§ **What is being asked**
Without the pictures, give every record again exactly.

§ **Supplied material**
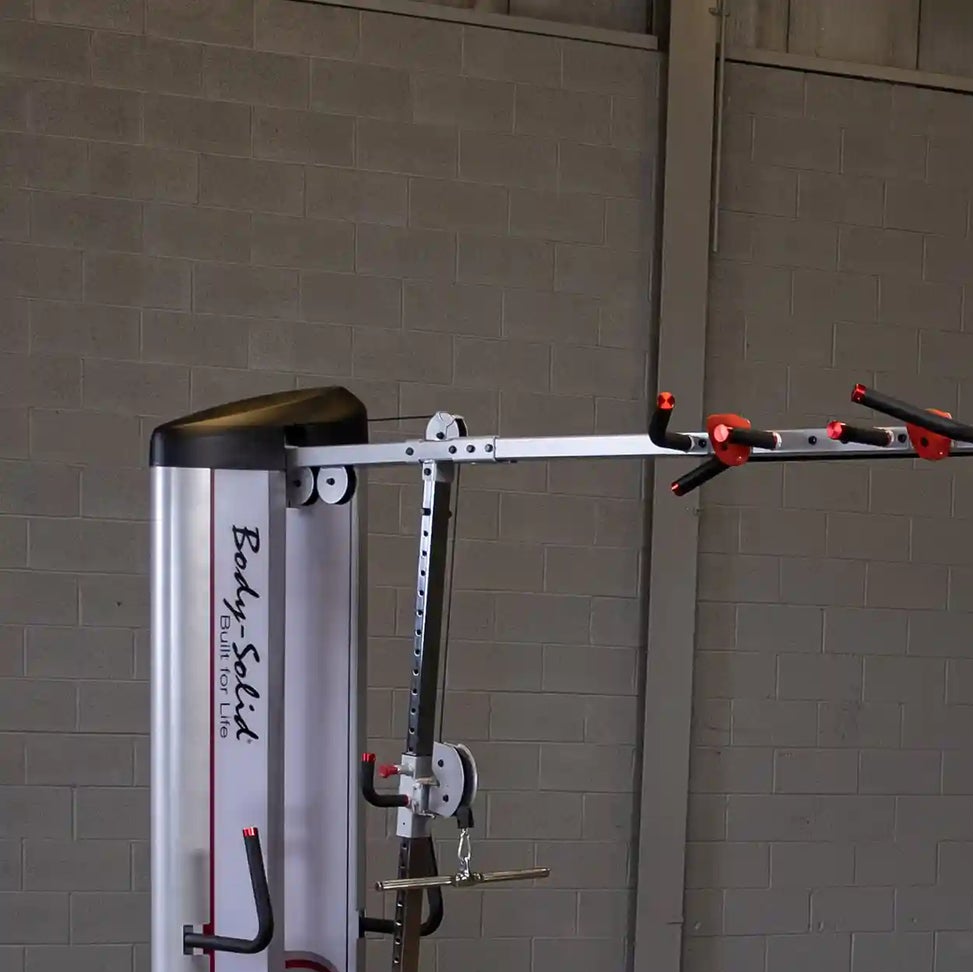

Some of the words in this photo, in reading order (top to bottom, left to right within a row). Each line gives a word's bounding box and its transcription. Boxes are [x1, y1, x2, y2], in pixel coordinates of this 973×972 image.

[220, 615, 231, 659] Built
[220, 667, 230, 696] for
[220, 702, 231, 739] Life
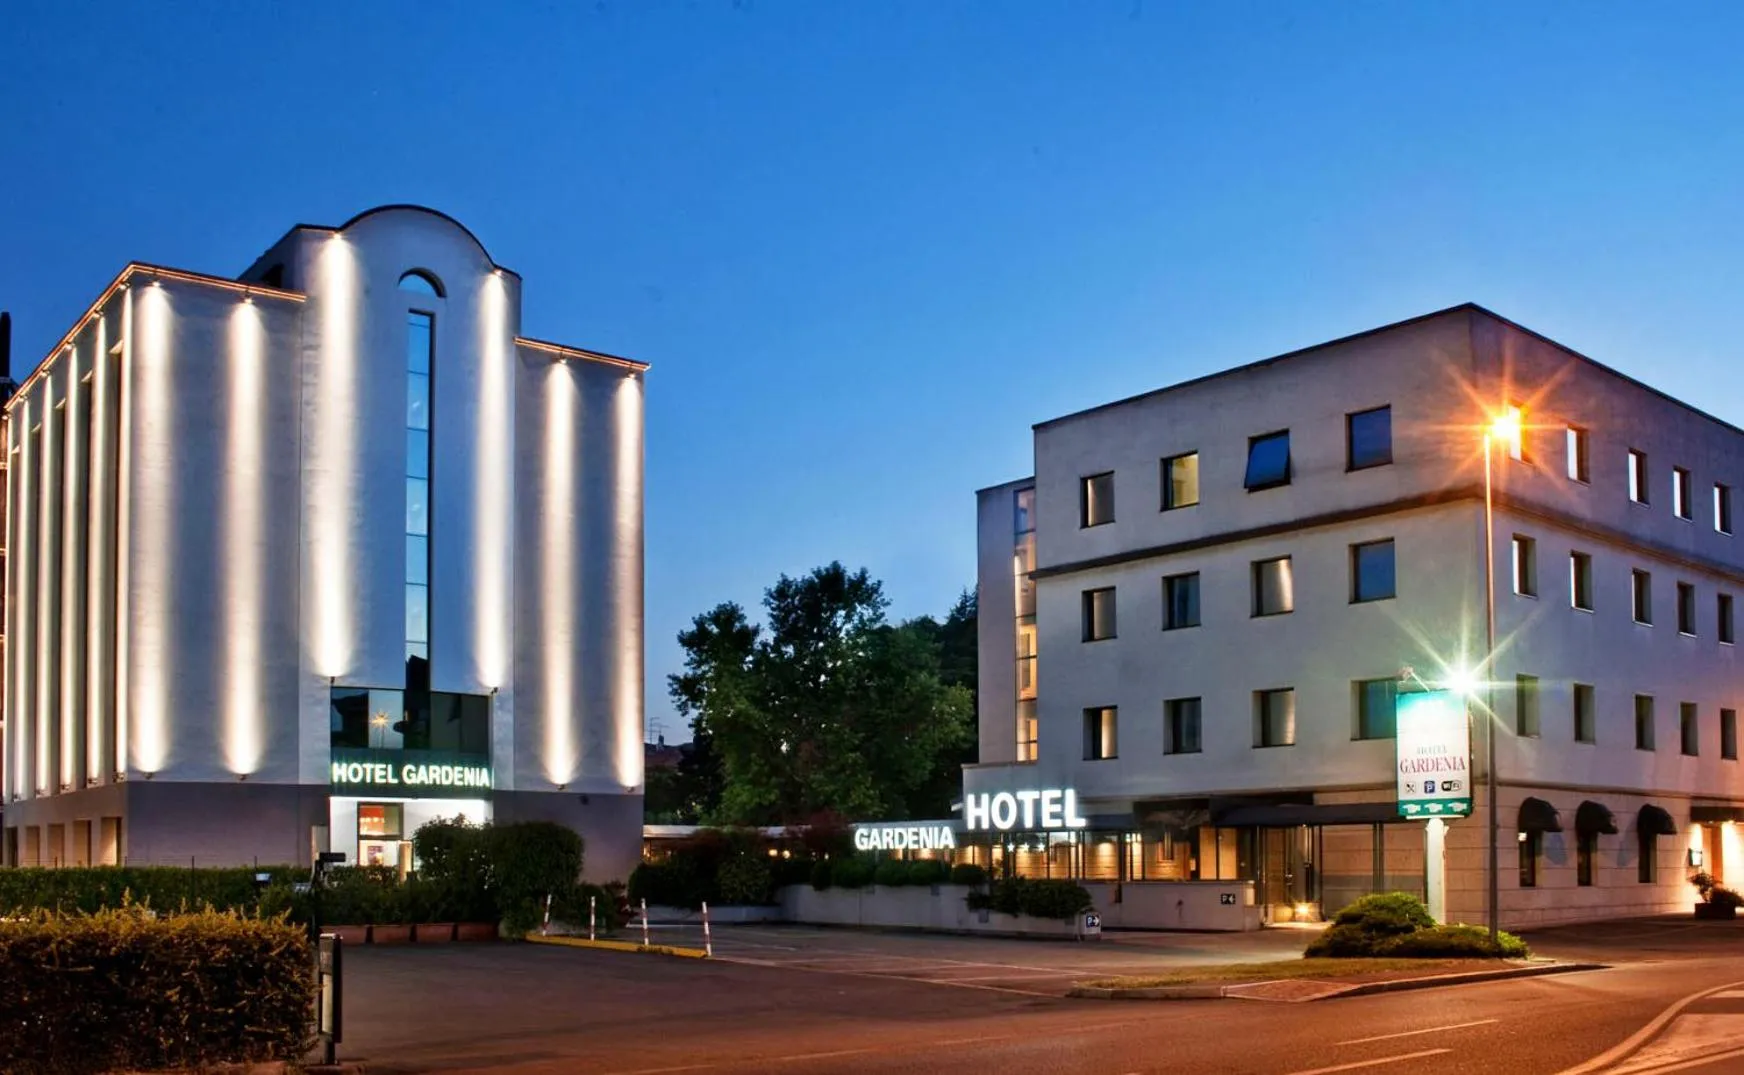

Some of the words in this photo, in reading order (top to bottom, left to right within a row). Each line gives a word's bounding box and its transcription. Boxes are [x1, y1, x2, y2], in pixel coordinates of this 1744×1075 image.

[332, 762, 398, 784] HOTEL
[402, 764, 490, 786] GARDENIA
[1400, 756, 1465, 774] GARDENIA
[966, 789, 1087, 830] HOTEL
[854, 826, 955, 850] GARDENIA
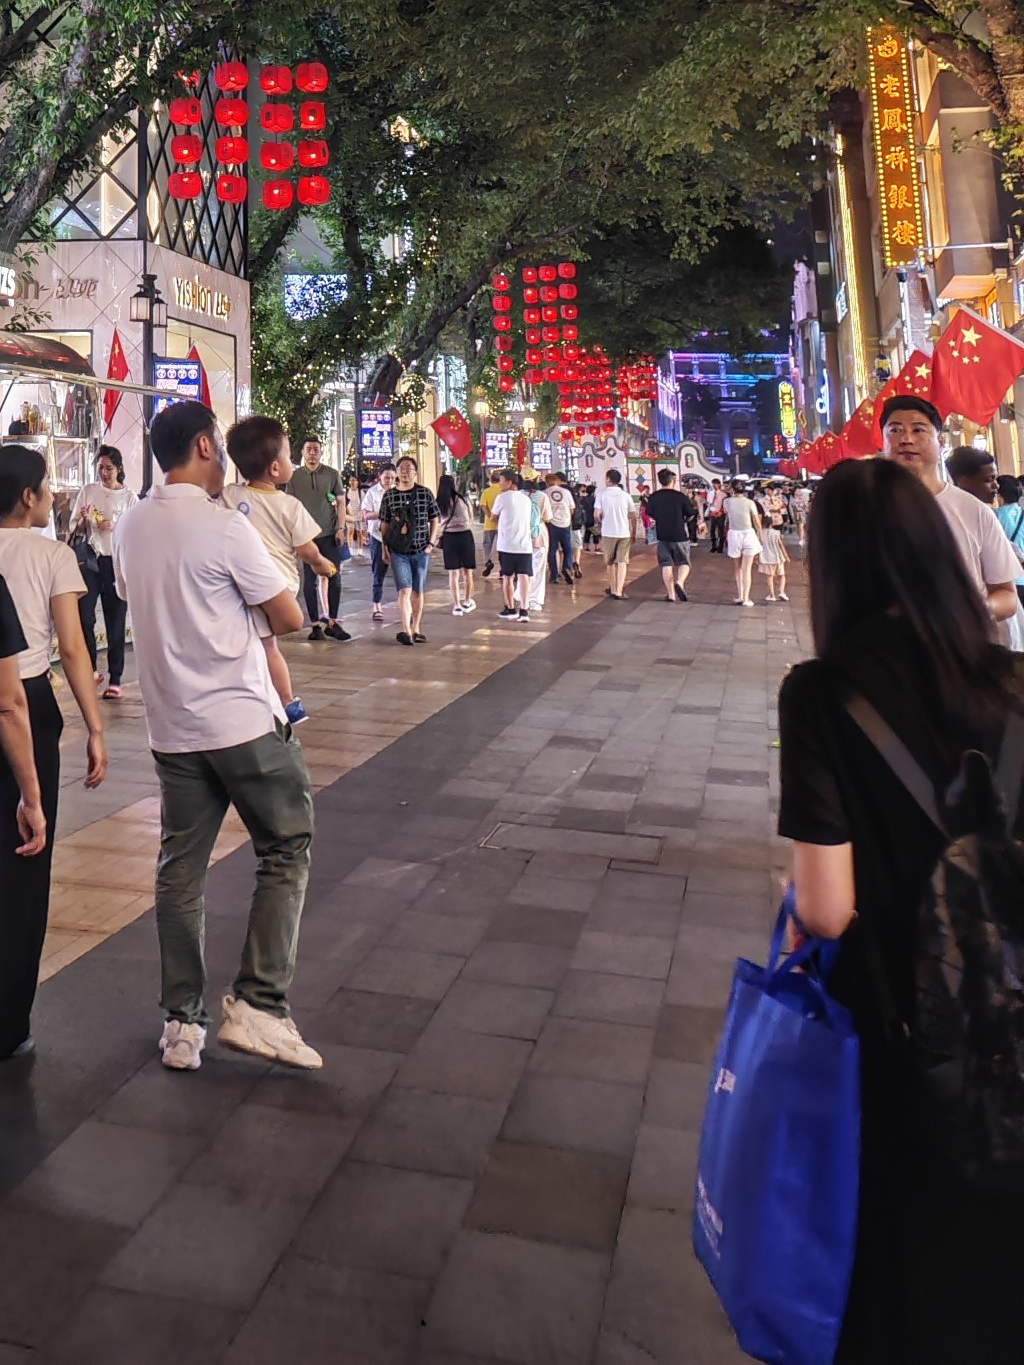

§ **Result for this task**
Some of the words in this photo, in reading order (top to bottom, left to right within a row). Each line gives a word's bounding box and its transcription. Boxes are [x1, y1, x2, y2], in pixel coordinates of this 973×972 image.

[220, 615, 231, 659] Built
[220, 667, 230, 696] for
[220, 702, 231, 739] Life

Some of the words in this photo, in reading order (top to bottom, left to right within a row). Each line gives a word's bounding box and its transcription. Boxes are [x1, y1, x2, y2], in pixel coordinates of this 1744×1075 image.

[332, 762, 398, 784] HOTEL
[402, 764, 490, 786] GARDENIA
[1400, 756, 1465, 774] GARDENIA
[966, 789, 1087, 830] HOTEL
[854, 826, 955, 850] GARDENIA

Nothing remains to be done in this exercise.